▶ [Work to complete] Set down every entry word for word. Omit the pictures.

▶ [Material to process]

———

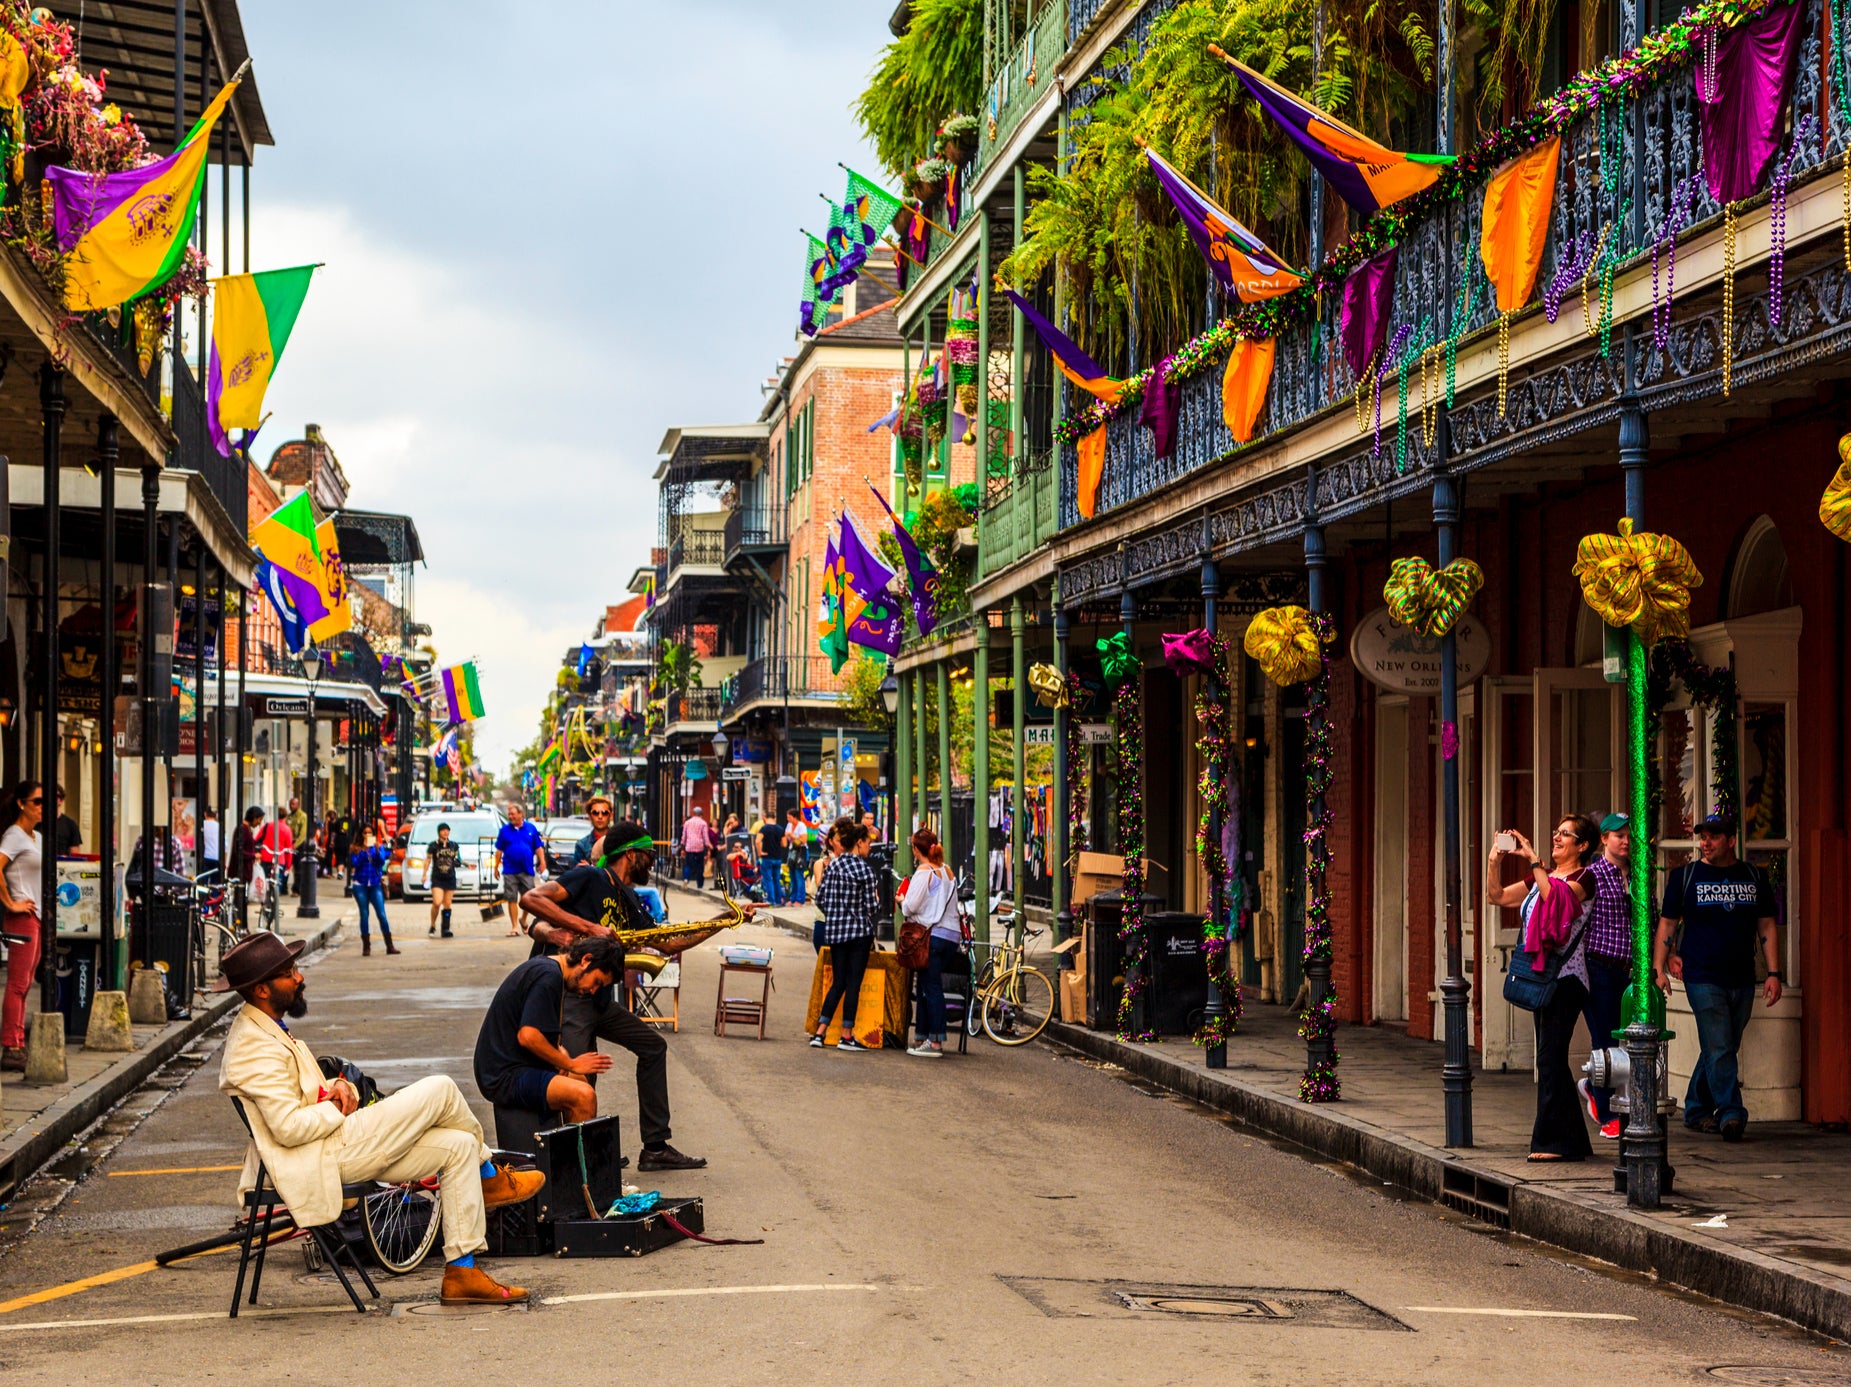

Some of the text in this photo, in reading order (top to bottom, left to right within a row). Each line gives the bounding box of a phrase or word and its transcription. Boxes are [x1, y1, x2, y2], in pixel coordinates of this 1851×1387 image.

[1375, 660, 1406, 672] NEW
[270, 702, 306, 712] Orleans
[1091, 731, 1111, 742] Trade
[1696, 884, 1757, 895] SPORTING
[1697, 893, 1757, 903] KANSAS CITY
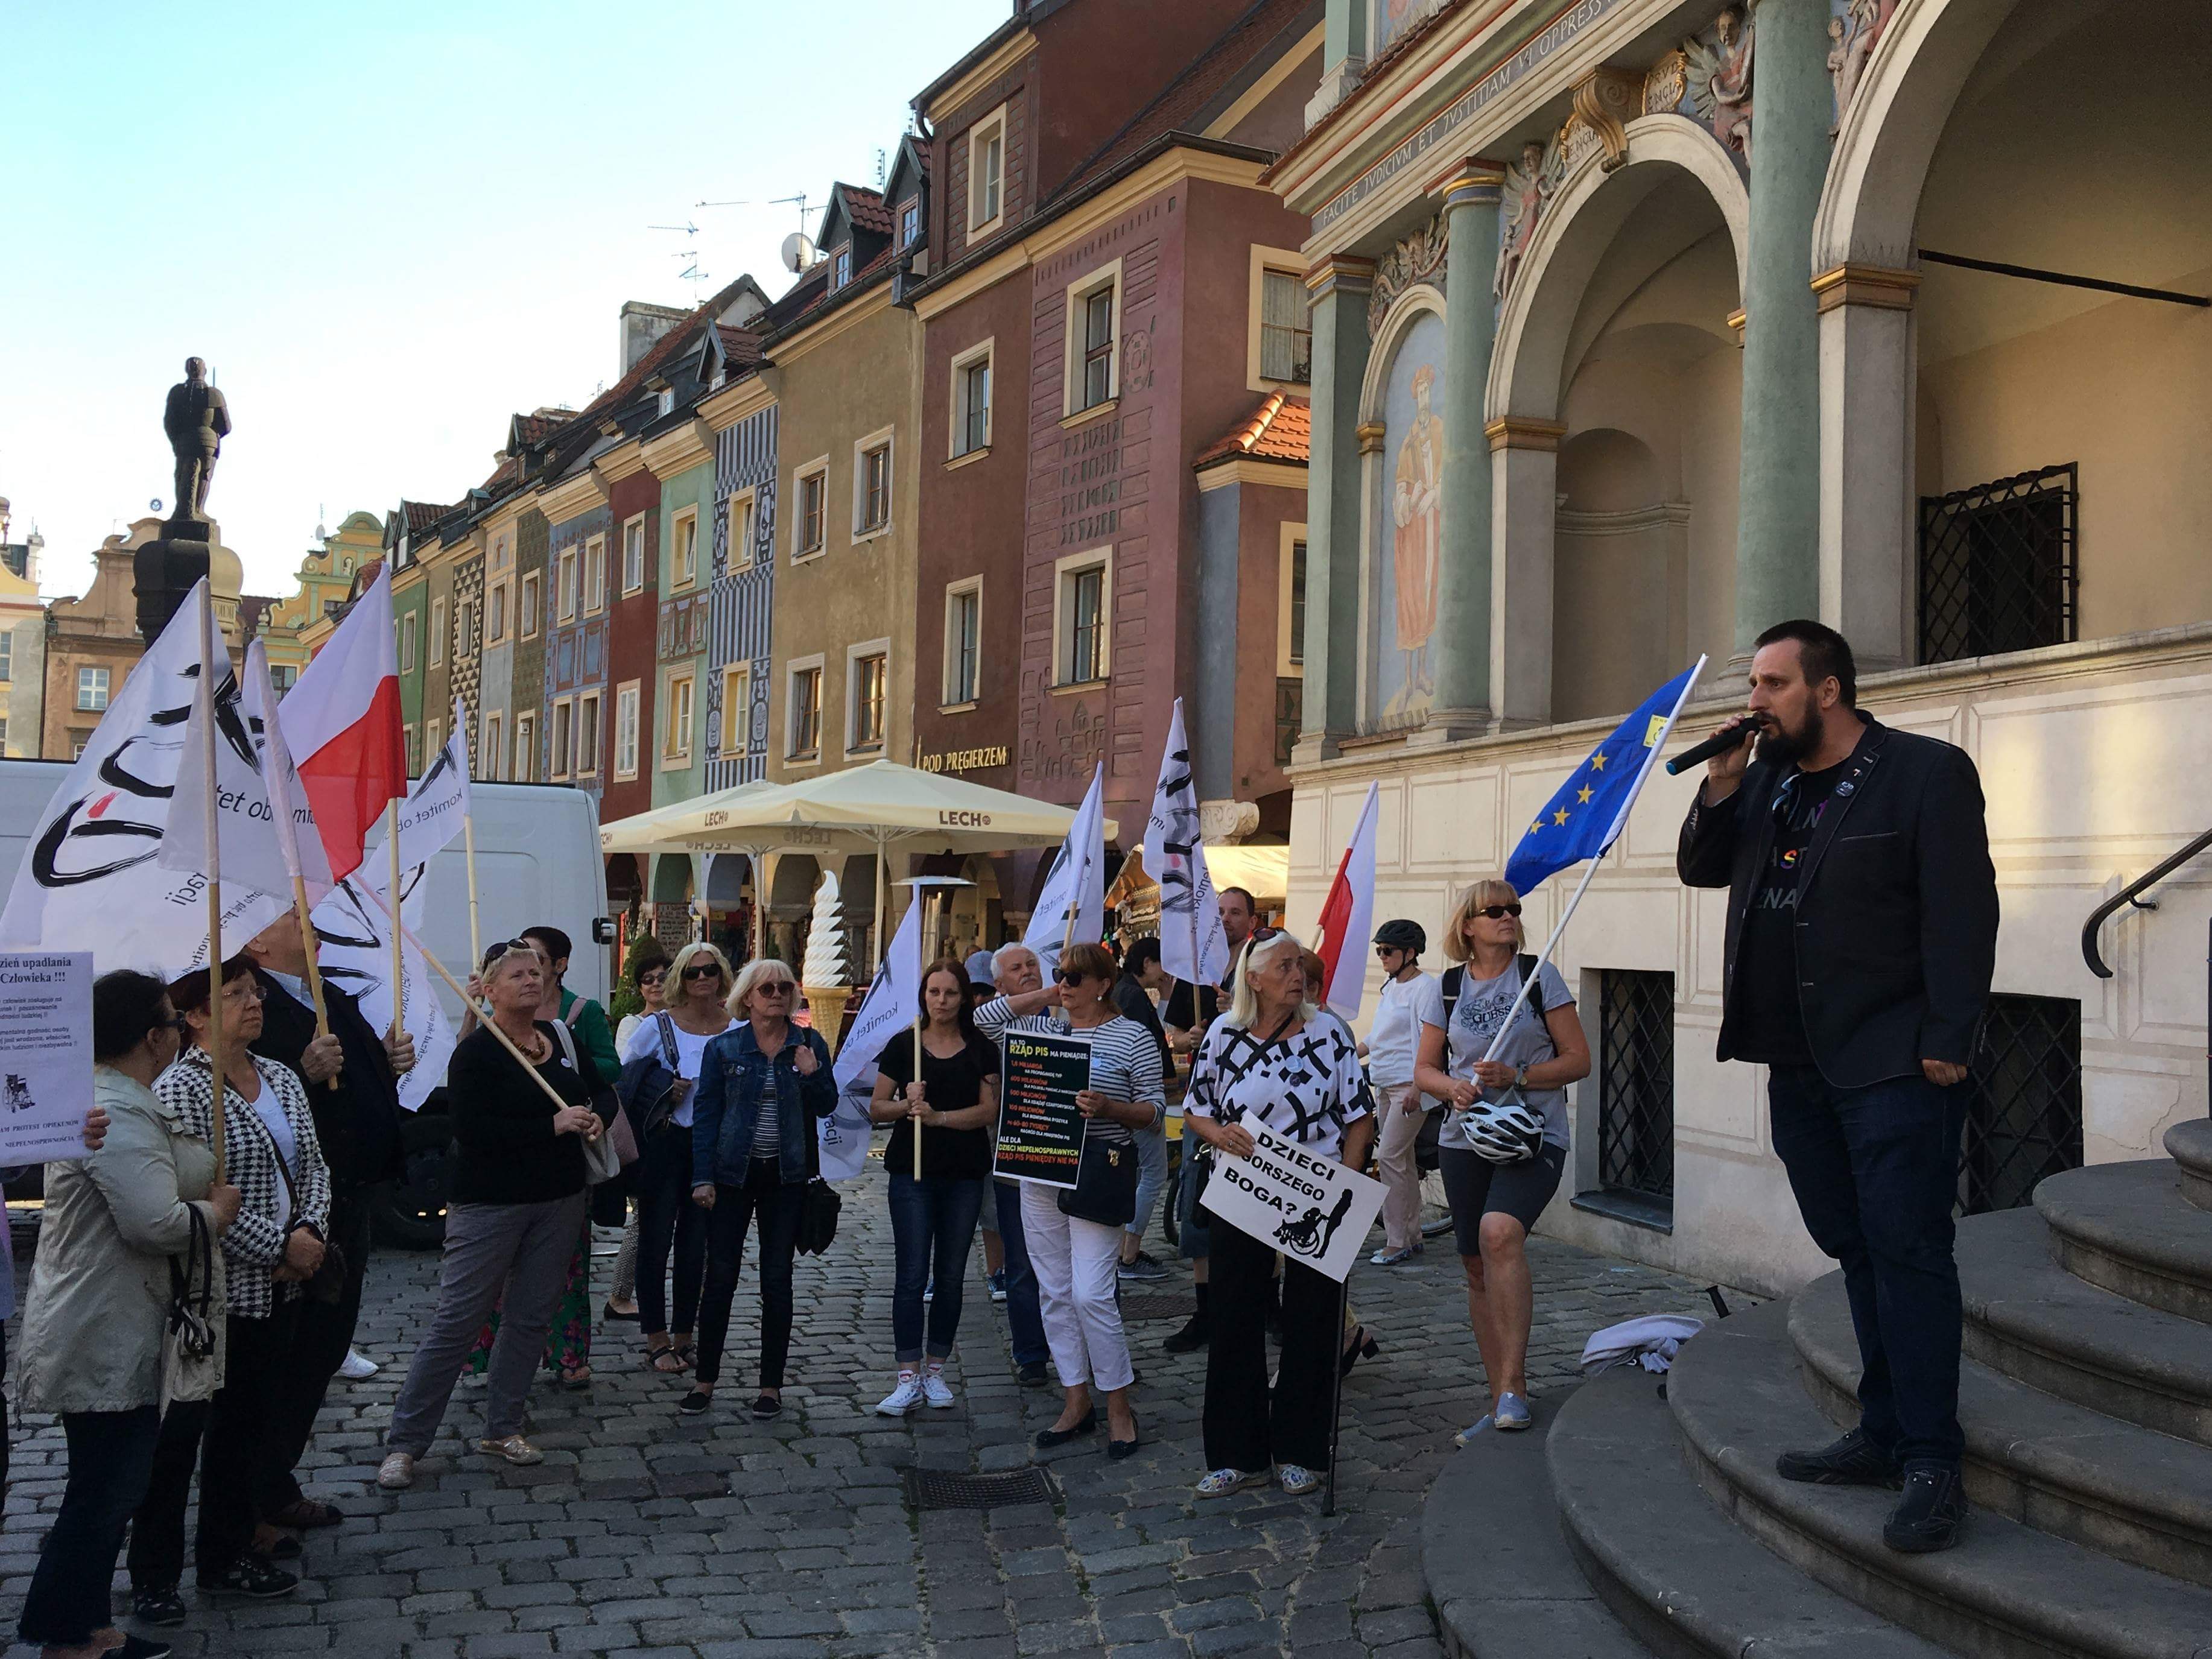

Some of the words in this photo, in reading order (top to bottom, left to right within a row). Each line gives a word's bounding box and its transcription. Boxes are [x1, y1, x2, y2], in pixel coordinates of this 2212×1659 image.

[1323, 186, 1358, 226] FACITE
[1419, 124, 1436, 151] ET
[1539, 0, 1611, 55] OPPRESS
[924, 754, 942, 773] POD
[946, 746, 1007, 775] PRĘGIERZEM
[705, 811, 724, 827] LECH
[939, 811, 981, 826] LECH
[1, 972, 51, 984] Człowieka
[54, 972, 66, 982] !!!
[1473, 1005, 1511, 1023] GUESS
[1010, 1045, 1033, 1057] RZĄD
[1035, 1046, 1048, 1056] PIS
[13, 1123, 39, 1132] PROTEST
[998, 1152, 1014, 1161] RZĄD
[1025, 1154, 1056, 1164] PIENIĘDZY
[1257, 1132, 1336, 1181] DZIECI
[1224, 1166, 1298, 1216] BOGA?

———

▶ [Your solution]
Some of the text in this photo, in reading order (top to bottom, left to right within a row). Each line gives the bounding box of a phrase or word and its transcription. Boxes are [x1, y1, x2, y2], in pixel coordinates of this 1851×1387 image.

[1375, 660, 1406, 672] NEW
[270, 702, 306, 712] Orleans
[1091, 731, 1111, 742] Trade
[1696, 884, 1757, 895] SPORTING
[1697, 893, 1757, 903] KANSAS CITY

Some of the words in this photo, in reading order (top to bottom, left to right within a row). Each line gives a word's bounding box and its transcription. Boxes are [x1, y1, x2, y2], in pixel coordinates of this 2212×1659 image.

[1323, 186, 1358, 226] FACITE
[1419, 124, 1436, 151] ET
[1539, 0, 1611, 55] OPPRESS
[924, 754, 942, 773] POD
[946, 746, 1007, 775] PRĘGIERZEM
[705, 811, 724, 827] LECH
[939, 811, 981, 826] LECH
[1, 972, 51, 984] Człowieka
[54, 972, 66, 982] !!!
[1473, 1005, 1511, 1023] GUESS
[1010, 1045, 1033, 1057] RZĄD
[1035, 1046, 1048, 1056] PIS
[13, 1123, 39, 1132] PROTEST
[998, 1152, 1014, 1161] RZĄD
[1025, 1154, 1056, 1164] PIENIĘDZY
[1257, 1132, 1336, 1181] DZIECI
[1224, 1166, 1298, 1216] BOGA?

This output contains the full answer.